According to Merryn, “it seems clear to most people that one of the things that help with long-term commercial success is having the support of your host country’s government and population. If the world’s big companies don’t start showing a little love to those people there will be blood on the streets (or the balance sheets at least).”
James Anderson of Scottish Mortgage agreed and went public with this comment sent to The Times: “My take is that it is in the long term interests of Google and others of that ilk to pay decent rates of tax and that they and others would be best served in taking the lead in volunteering this… they are beneficiaries of state spending on many levels and in return they would get a lot a respect.”

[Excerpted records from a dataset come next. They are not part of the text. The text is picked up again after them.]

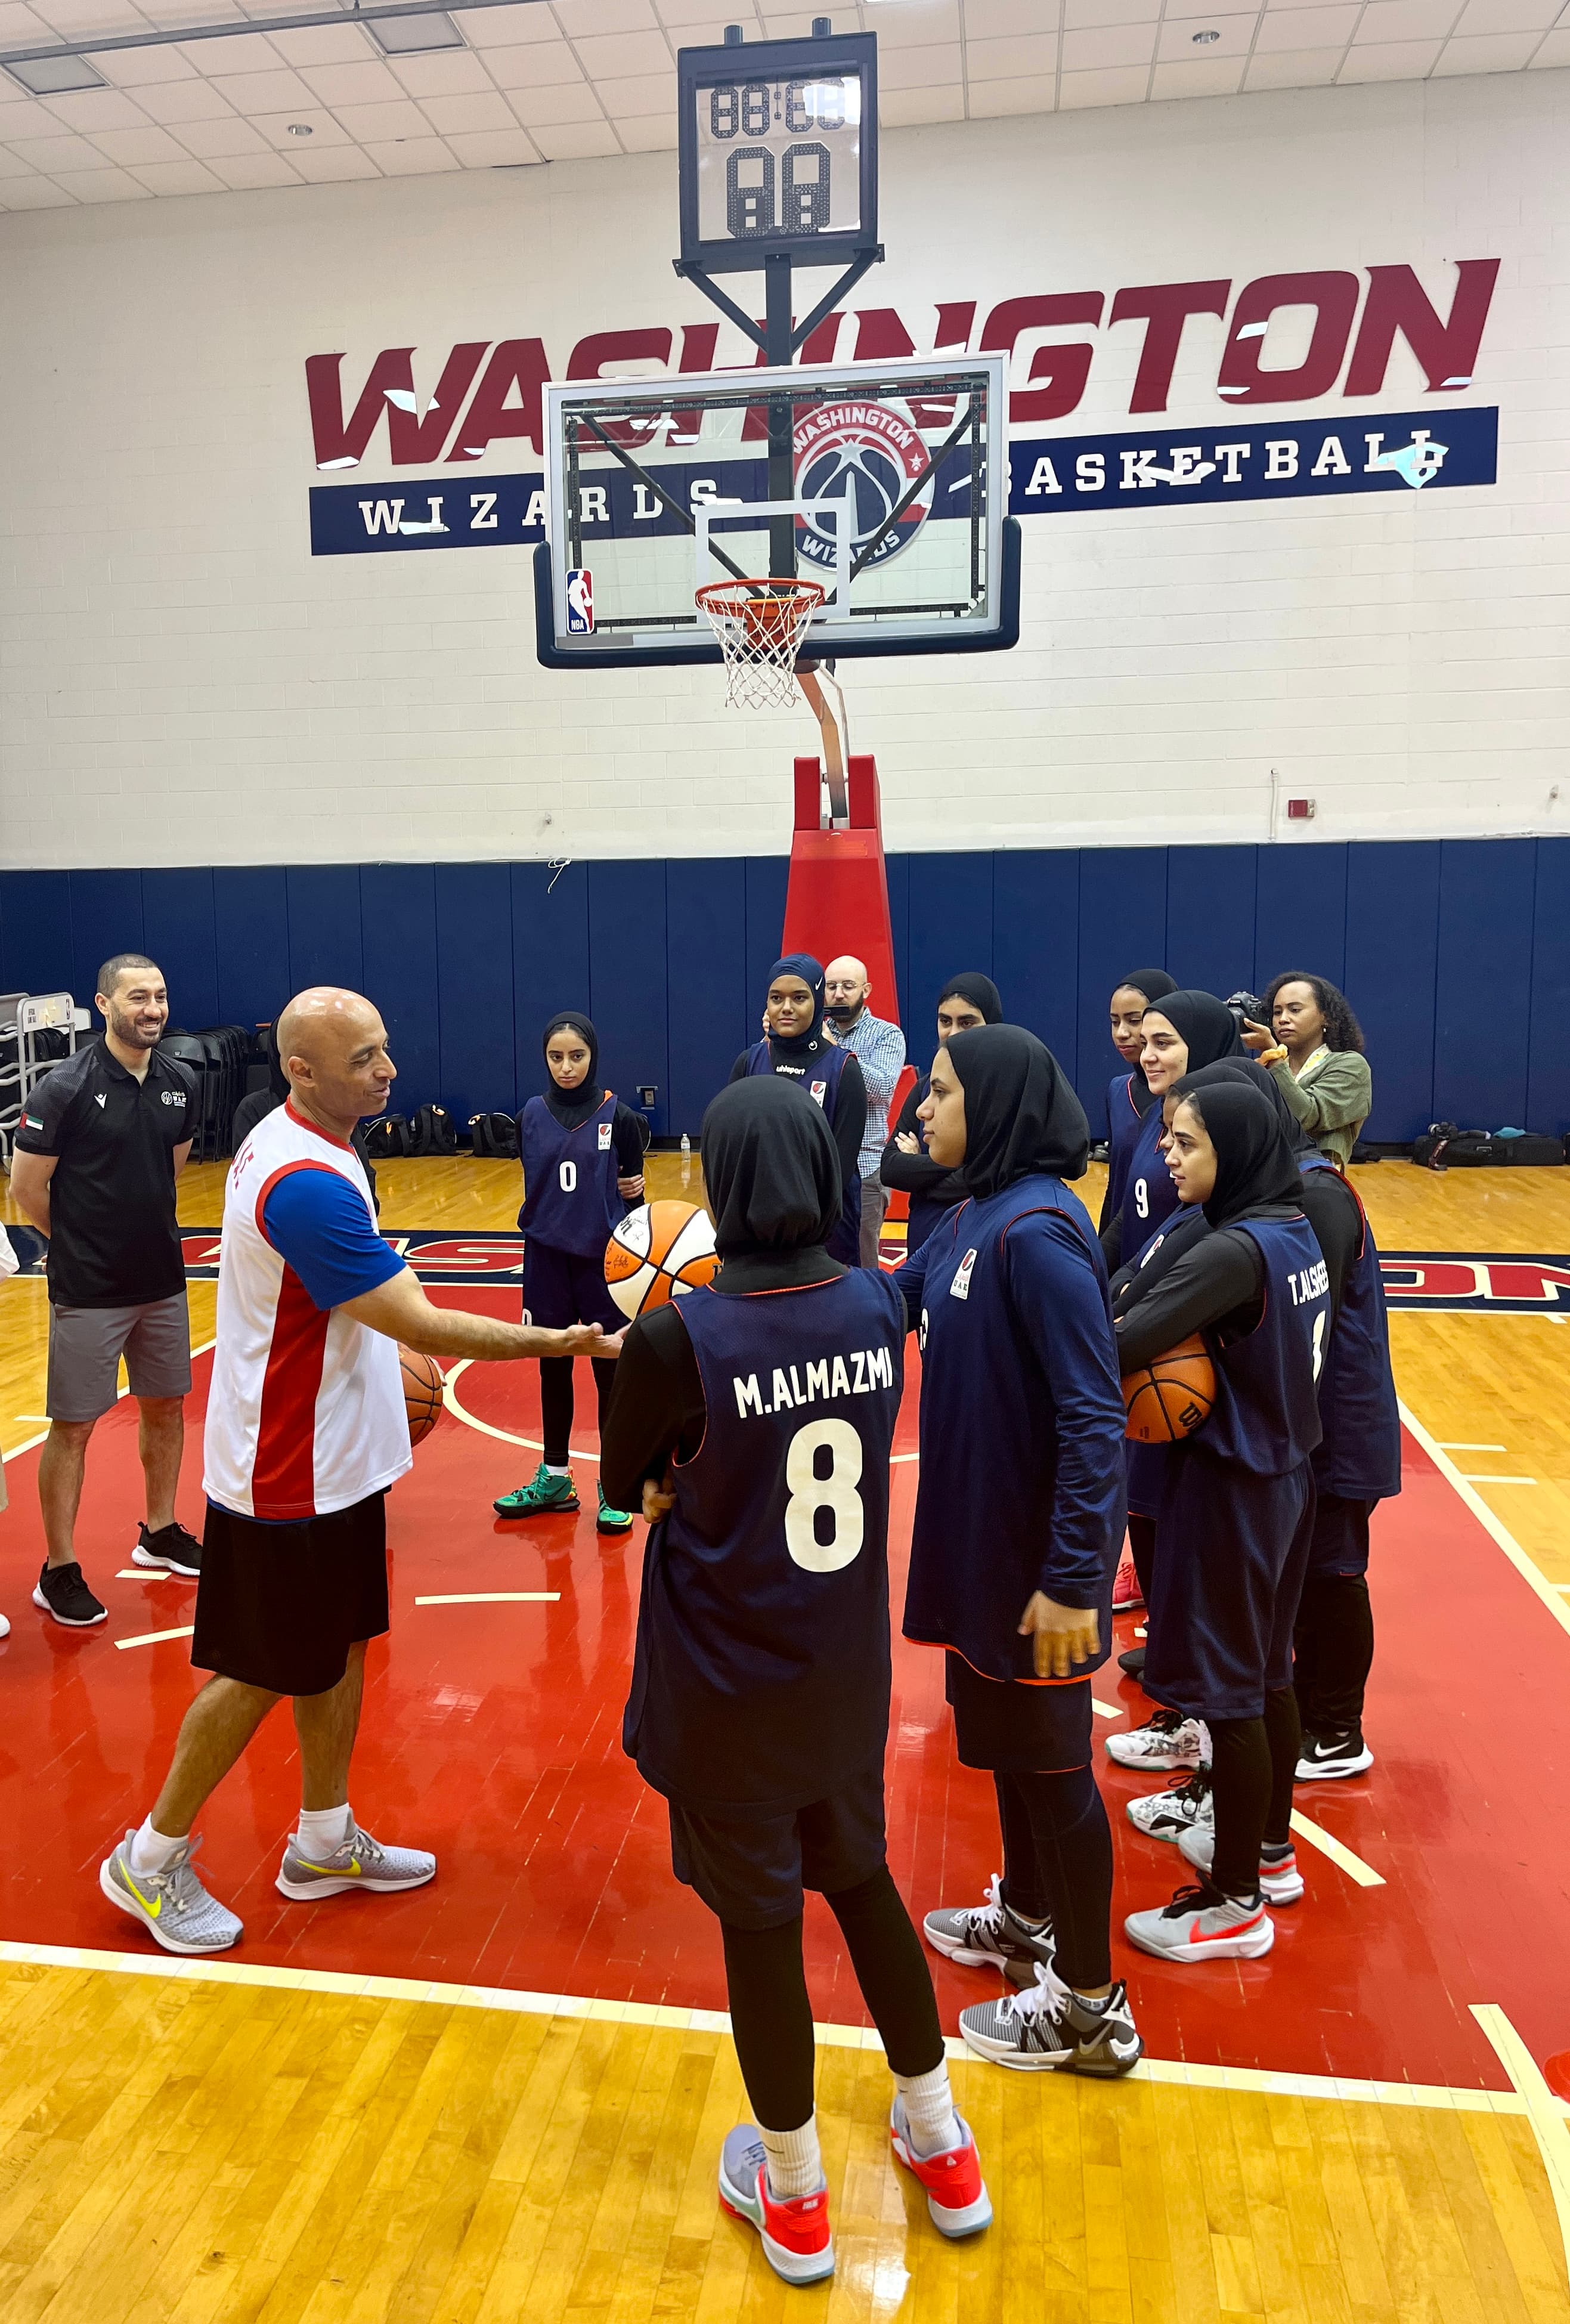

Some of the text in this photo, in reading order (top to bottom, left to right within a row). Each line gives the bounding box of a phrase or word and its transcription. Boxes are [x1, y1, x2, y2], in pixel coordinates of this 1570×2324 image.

[305, 258, 1501, 470] WASHINGTON
[794, 407, 914, 454] WASHINGTON
[571, 619, 584, 630] NBA
[776, 1064, 806, 1075] uhlsport
[559, 1161, 577, 1192] 0
[1135, 1178, 1149, 1218] 9
[733, 1347, 893, 1419] M.ALMAZMI
[784, 1418, 864, 1573] 8
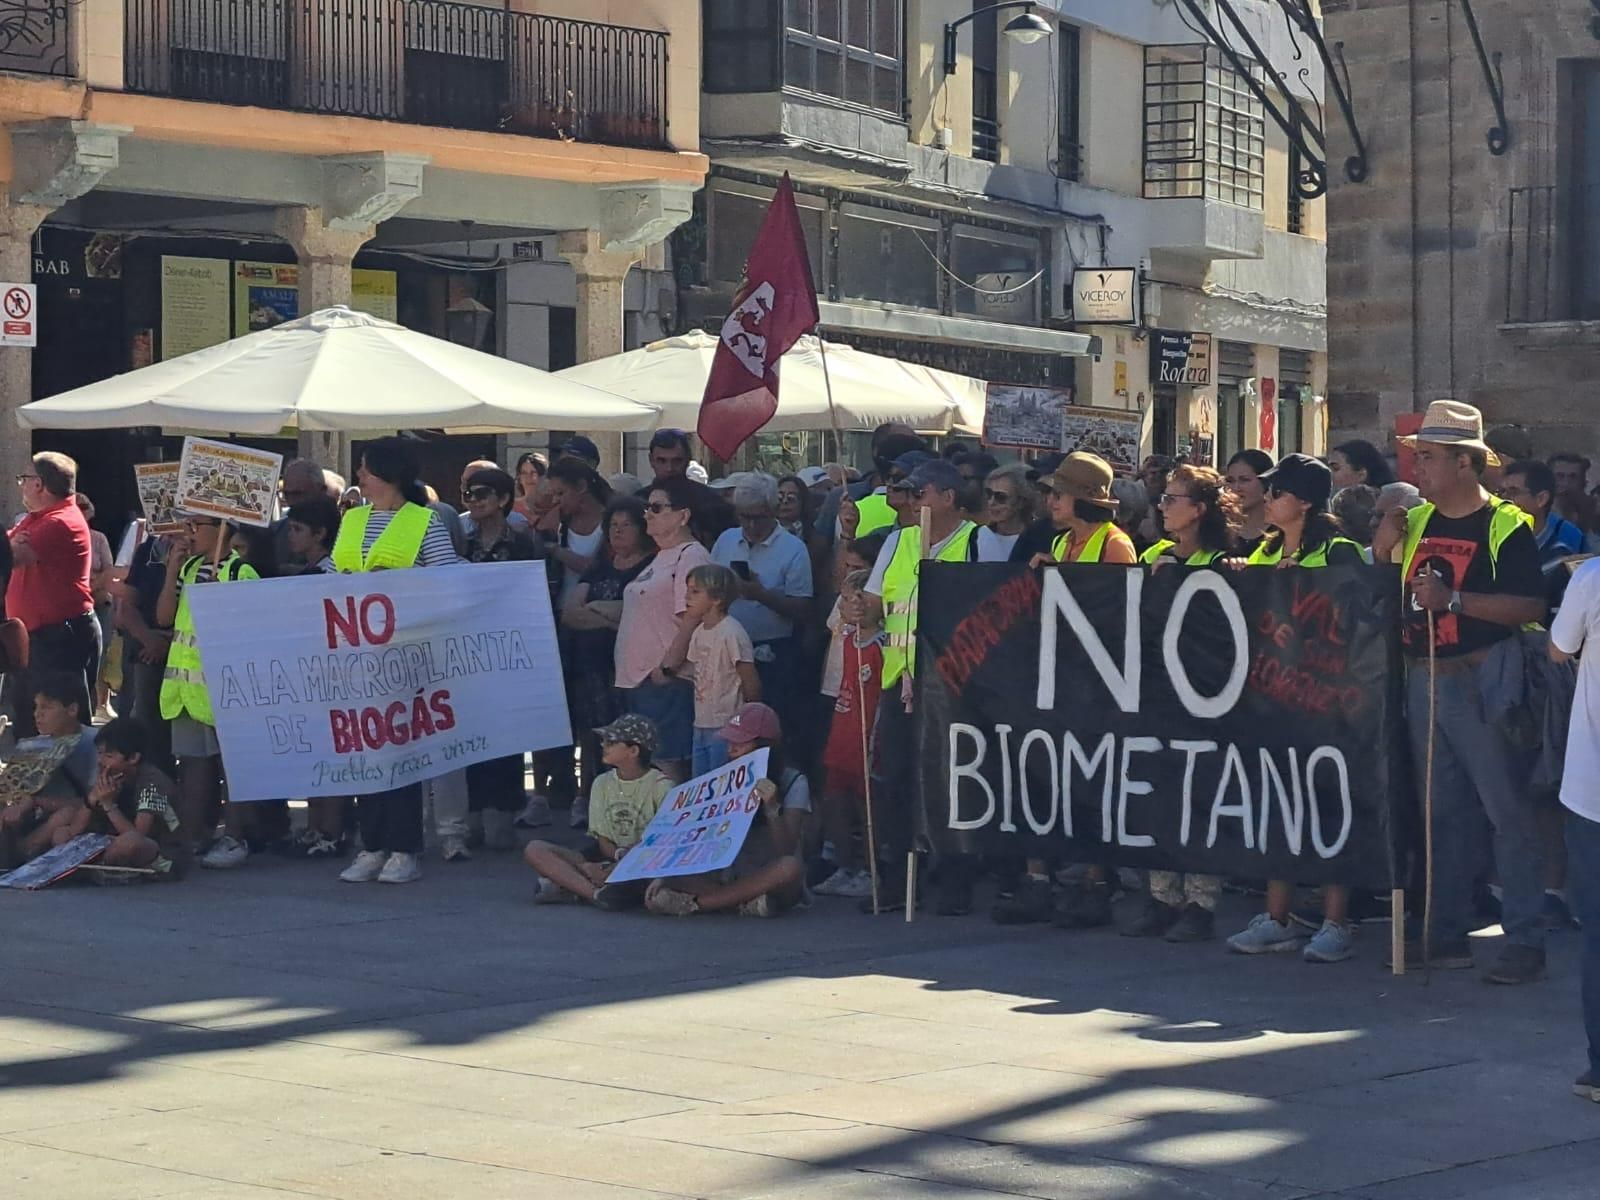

“The rise of the middleman shareholder – the fund manager – is one of the least studied economic factors in the economy”, says Anderson. This is a “different world” relative to all previous versions of capitalism. Business used to be about the “personal connection of individuals”. Now it is all about “certificates to be traded” – and the incentives within that are short-term not long-term. So big companies aren’t pressured to behave in the same way they might have been 30 years ago.
The shareholder’s influence has been weakened by the self-interested fund manager, and society as a whole pays the price.